Pcie error

Before hopping on endeavouros I used mint and on mint I had pretty much the exact error logs that I am getting now which I fixed with adding some boot commands on the boot file but as I am fairly new to arch and I don’t exactly know if its actually the same problem I don’t know how to fix it.

“pcieport 0000:00:1d.3: AER: Corrected error received: 0000:00:1d.3
Oca 10 17:59:30 erim-hppavilionnotebook kernel: pcieport 0000:00:1d.3: PCIe Bus Error: severity=Corrected, type=Physical Layer, (Receiver ID)
Oca 10 17:59:30 erim-hppavilionnotebook kernel: pcieport 0000:00:1d.3: device [8086:9d1b] error status/mask=00000001/00002000
Oca 10 17:59:30 erim-hppavilionnotebook kernel: pcieport 0000:00:1d.3: [ 0] RxErr (First)”

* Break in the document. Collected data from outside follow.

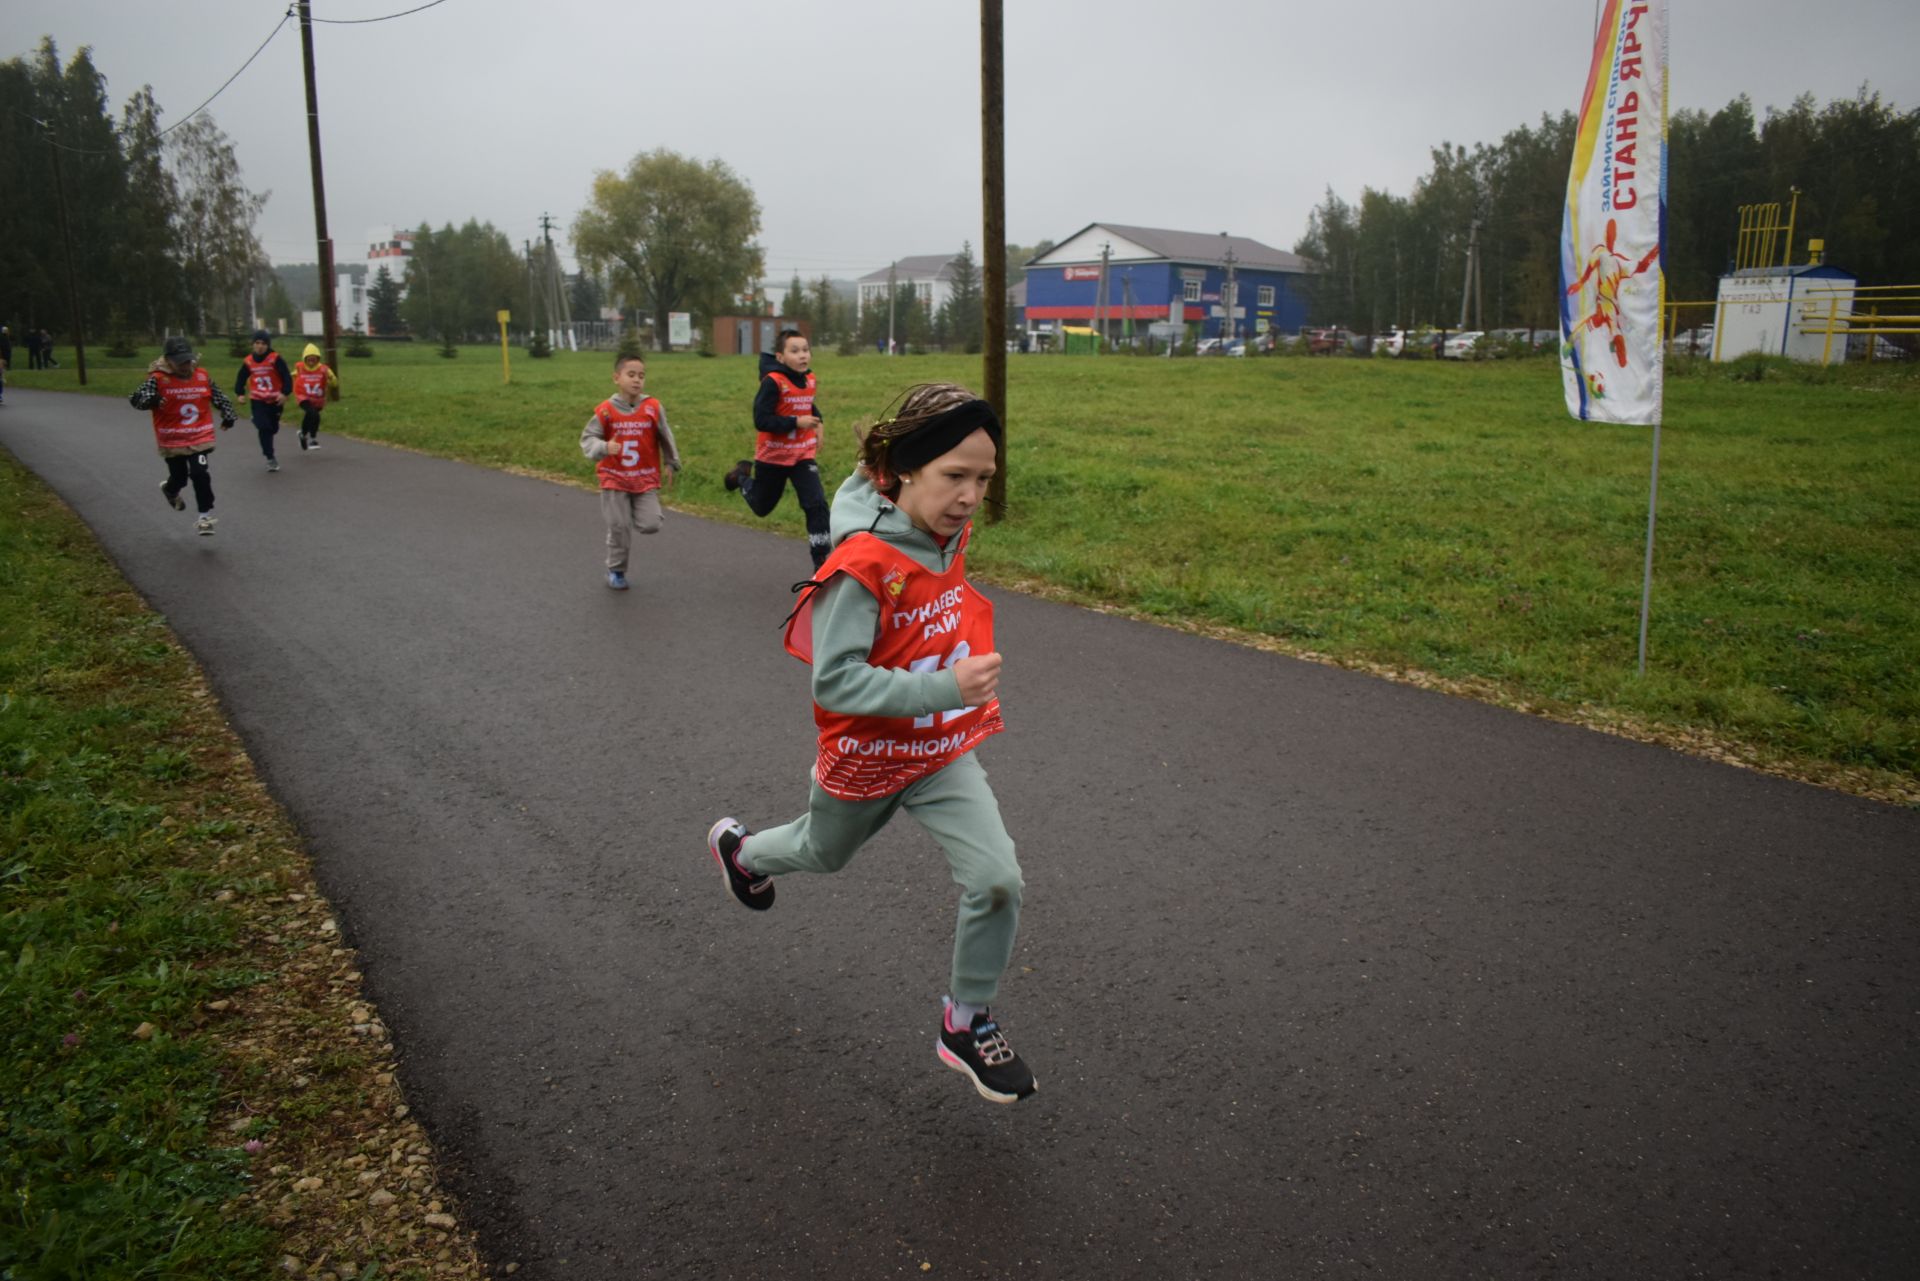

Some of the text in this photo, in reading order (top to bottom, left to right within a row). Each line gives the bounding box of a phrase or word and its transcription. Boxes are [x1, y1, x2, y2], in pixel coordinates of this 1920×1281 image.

[1613, 0, 1649, 211] СТАНЬ ЯРЧ
[1602, 114, 1616, 213] ЗАЙМИСЬ
[1742, 304, 1761, 314] ГАЗ
[179, 403, 200, 425] 9
[621, 440, 640, 467] 5
[893, 584, 964, 629] ТУКАЕВС
[837, 731, 966, 757] СПОРТ НОРМ
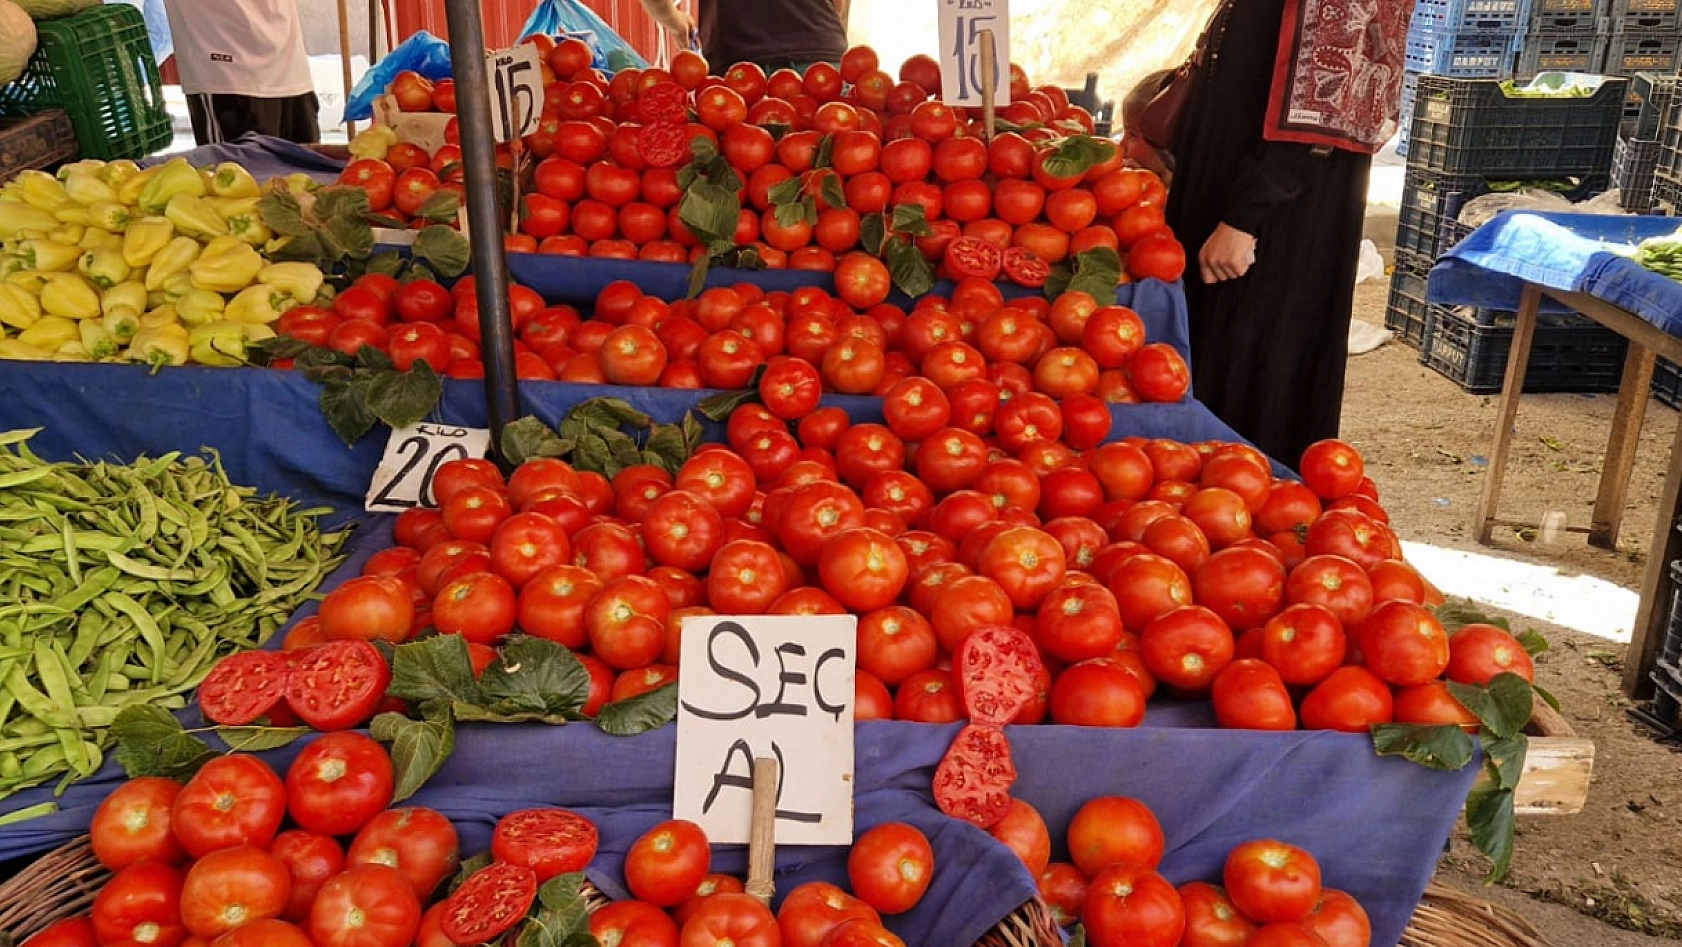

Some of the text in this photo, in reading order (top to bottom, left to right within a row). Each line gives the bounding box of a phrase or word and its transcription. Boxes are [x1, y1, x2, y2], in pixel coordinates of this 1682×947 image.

through journalctl I found that these lines of code seemed to repeat themselves as they did on mint so what do you guys suggest I should do?

first, you should check with lspci if you can link those errors to a device.

should be in lspci and tell you the name.
After that, you can try to search if it is a known issue and apply the fix, or find out if your hardware is having a fault.

Apparently the problem is with this specific port:
“00:1d.3 PCI bridge: Intel Corporation Device 9d1b (rev f1)”
Well the from what I have seen its supposed to be a wifi device of some sorts but so far I had no problem with it so what can I do to prevent it from spamming the logs? Is there some sort of hammer I can employ in the bios config files like in mint? The one I used was pci=nommconf

You can use this kernel parameter pci=nommconf in the default grub command line in/etc/default/grub if you are using grub?

Then you update grub with sudo grub-mkconfig -o /boot/grub/grub.cfg

This kernel parameter disables memory-mapped pci configuration space. So if you are using grub you can try this and then reboot and see.

Edit: If you are using systemd boot then it will be different setup than grub.

Yeah systemd didn’t really work out on my machine so I went eith grub so can I just nano into /etc/default/grub or is there another method for arch? Also can’t I just use the command update-grub to update it afterwards? Sorry if it all sounds a bit ignorant on my part.

Welcome to the forum! :smile:

Editing that file (with elevated privileges) is the way to go. You can use other editors too, but nano is a great tool for this.

That’s doing the same thing as what @ricklinux mentioned above.
If you wish, you can write an alias into your ~/.bashrc:

alias update-grub='sudo grub-mkconfig -o /boot/grub/grub.cfg'

source it (or logout-login again), and then command update-grub works.

We’ve all been there… life is about learning stuff. :wink:

Well after using vim with sudo and editing the boot parameter in I updated grub and the error does not show up anymore. Also as a plus my computer seems to be running much faster now. Thank you everyone for helping me. Cheers.